# [Task to carry out]
Output the full listing below exactly; the images stay out.

# [Dataset records]
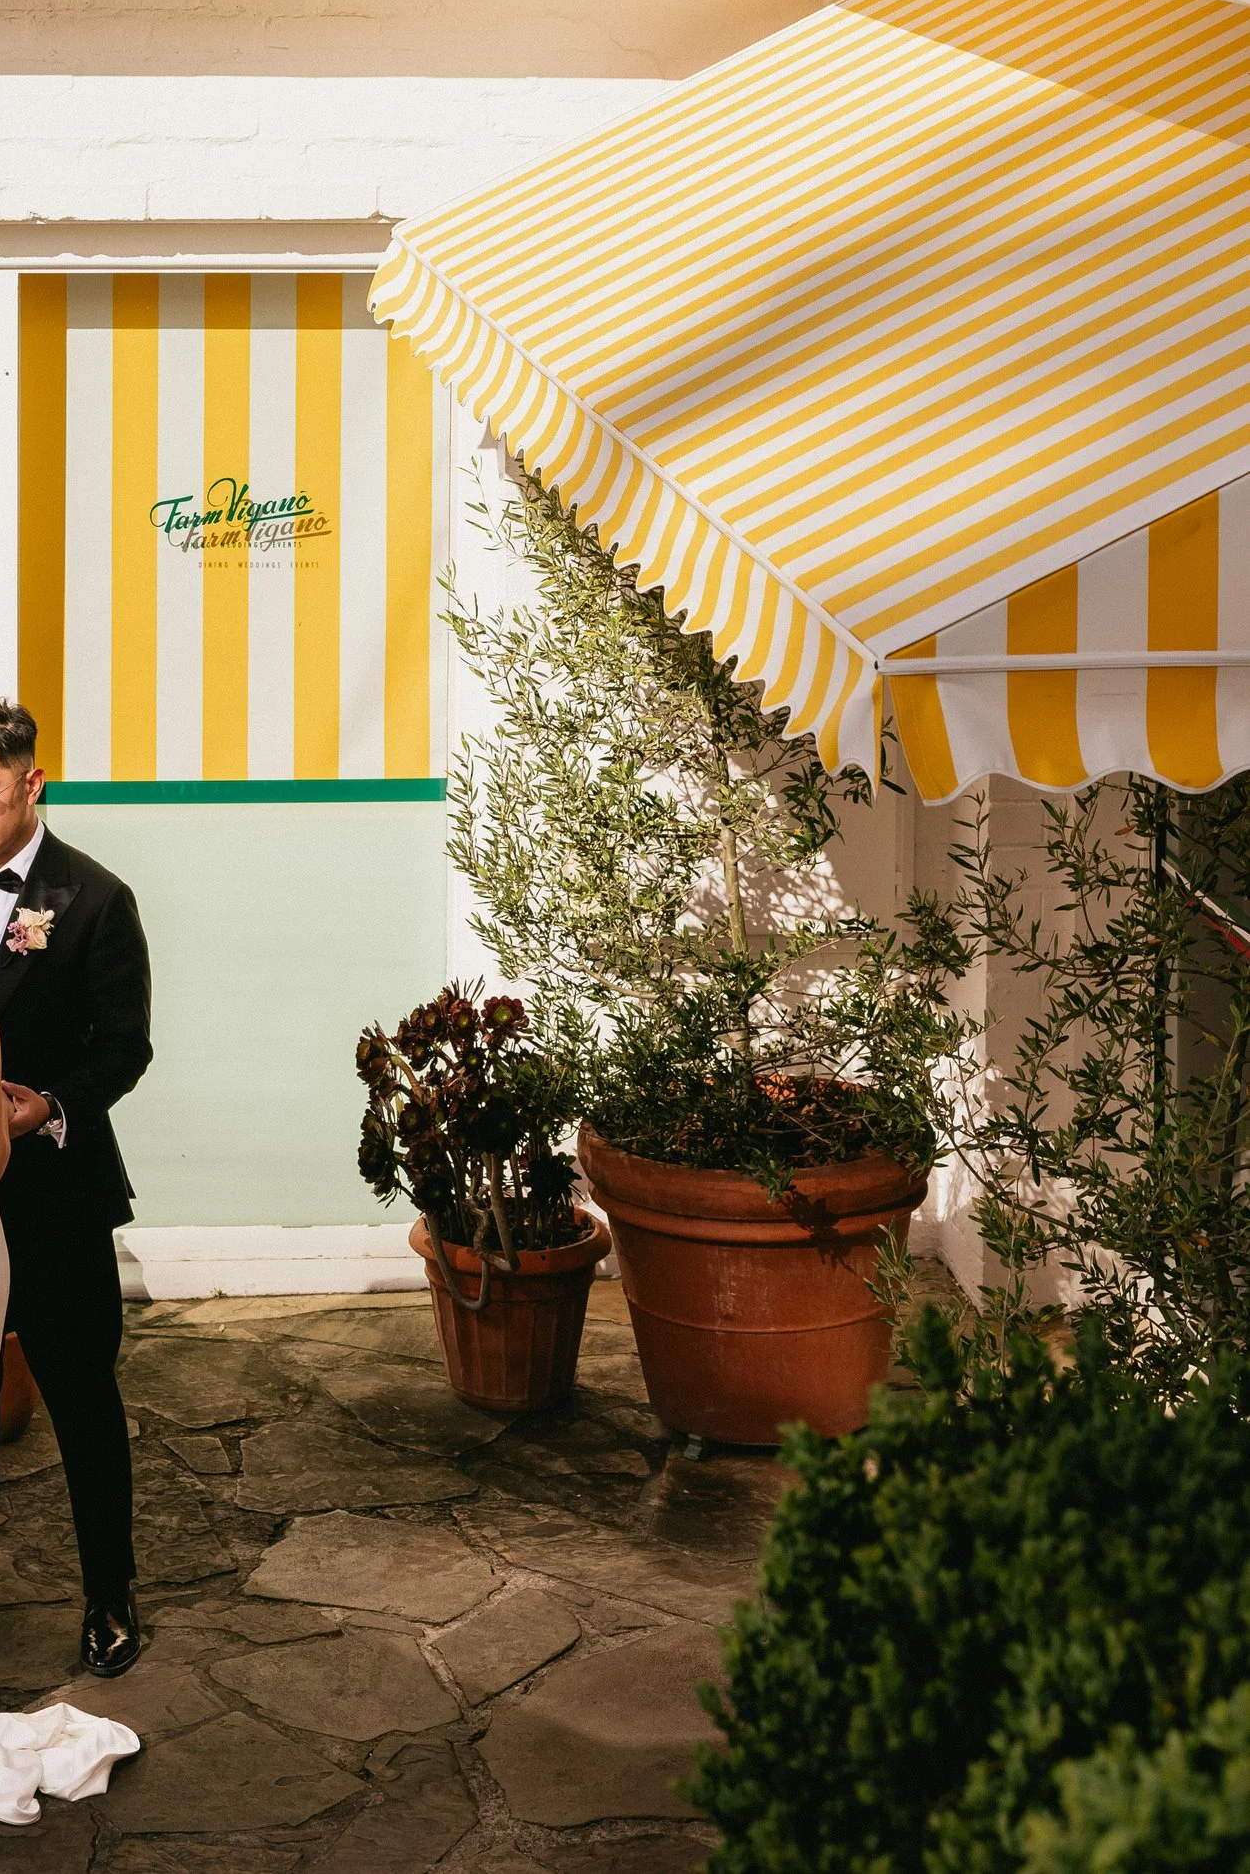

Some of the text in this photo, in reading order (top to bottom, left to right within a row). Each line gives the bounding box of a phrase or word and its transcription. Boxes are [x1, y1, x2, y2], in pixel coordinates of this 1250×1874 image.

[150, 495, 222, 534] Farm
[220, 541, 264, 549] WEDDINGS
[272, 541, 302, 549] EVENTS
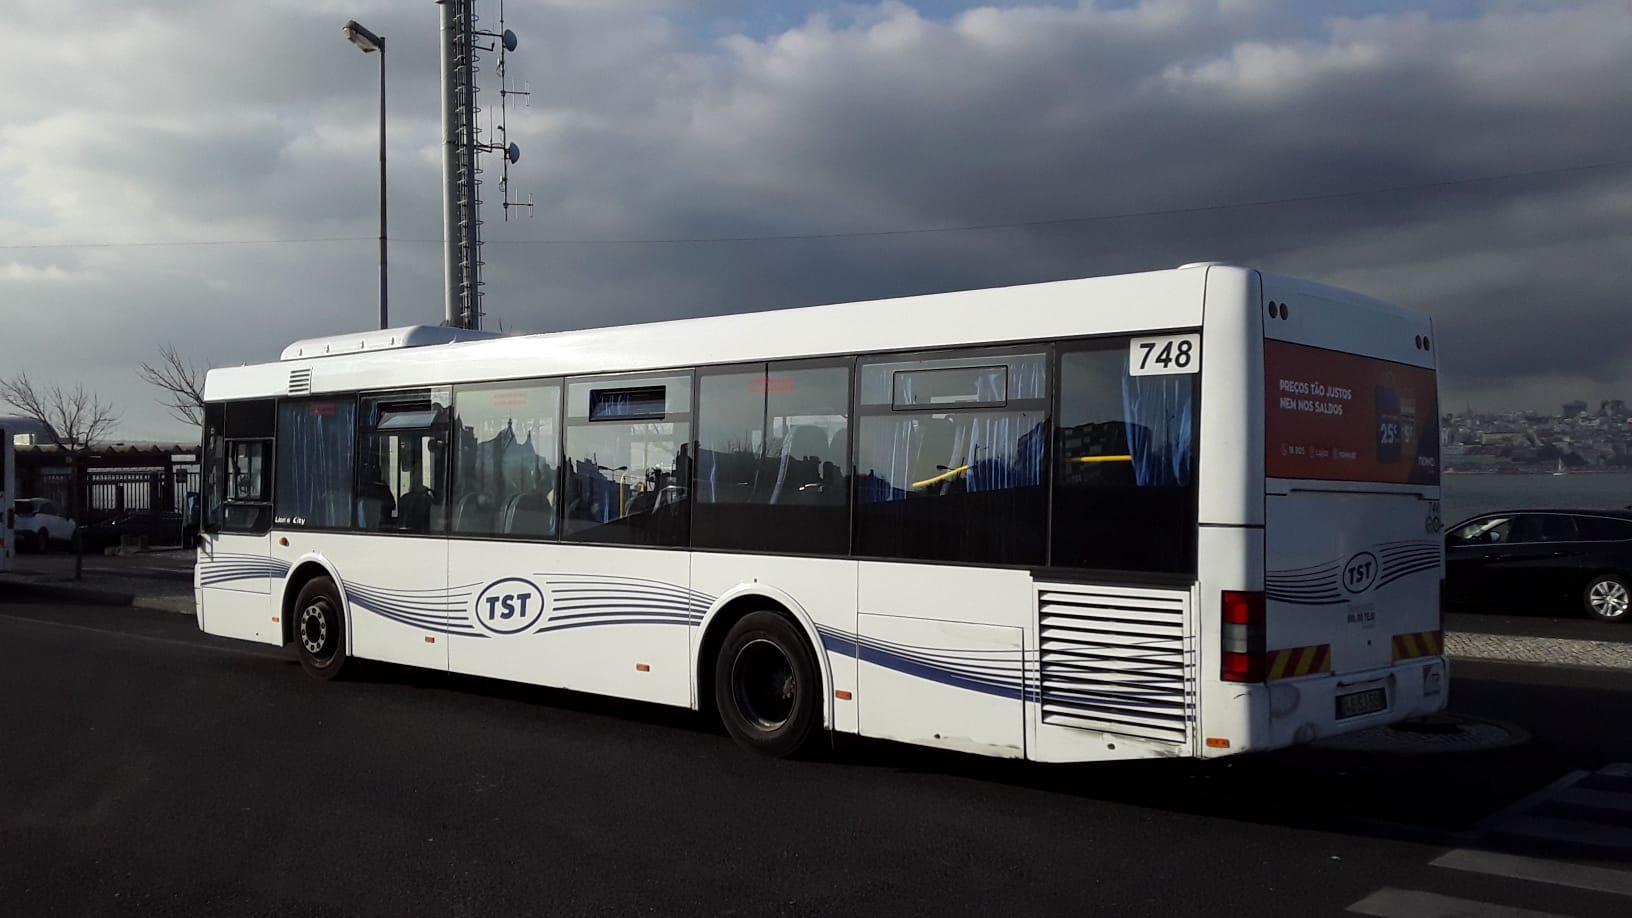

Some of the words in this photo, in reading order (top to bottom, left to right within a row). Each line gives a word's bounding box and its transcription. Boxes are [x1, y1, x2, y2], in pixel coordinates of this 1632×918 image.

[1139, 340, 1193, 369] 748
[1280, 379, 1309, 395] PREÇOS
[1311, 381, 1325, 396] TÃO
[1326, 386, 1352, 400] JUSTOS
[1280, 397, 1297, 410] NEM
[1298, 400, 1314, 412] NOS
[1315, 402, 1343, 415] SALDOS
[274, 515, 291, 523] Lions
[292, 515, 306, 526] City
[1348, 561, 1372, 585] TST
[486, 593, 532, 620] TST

# [Result]
Some of the text in this photo, in reading order (top to bottom, left to right within a row). Each line gives the bounding box of a phrase or word and its transcription. Boxes are [x1, y1, x2, y2], in pixel coordinates of this 1250×1874 image.

[150, 495, 222, 534] Farm
[220, 541, 264, 549] WEDDINGS
[272, 541, 302, 549] EVENTS

Some of the words in this photo, in reading order (top to bottom, left to right within a row). Each line gives a word's bounding box and its transcription. Boxes are [x1, y1, x2, y2], in pixel coordinates of this 1632×918 image.

[1139, 340, 1193, 369] 748
[1280, 379, 1309, 395] PREÇOS
[1311, 381, 1325, 396] TÃO
[1326, 386, 1352, 400] JUSTOS
[1280, 397, 1297, 410] NEM
[1298, 400, 1314, 412] NOS
[1315, 402, 1343, 415] SALDOS
[274, 515, 291, 523] Lions
[292, 515, 306, 526] City
[1348, 561, 1372, 585] TST
[486, 593, 532, 620] TST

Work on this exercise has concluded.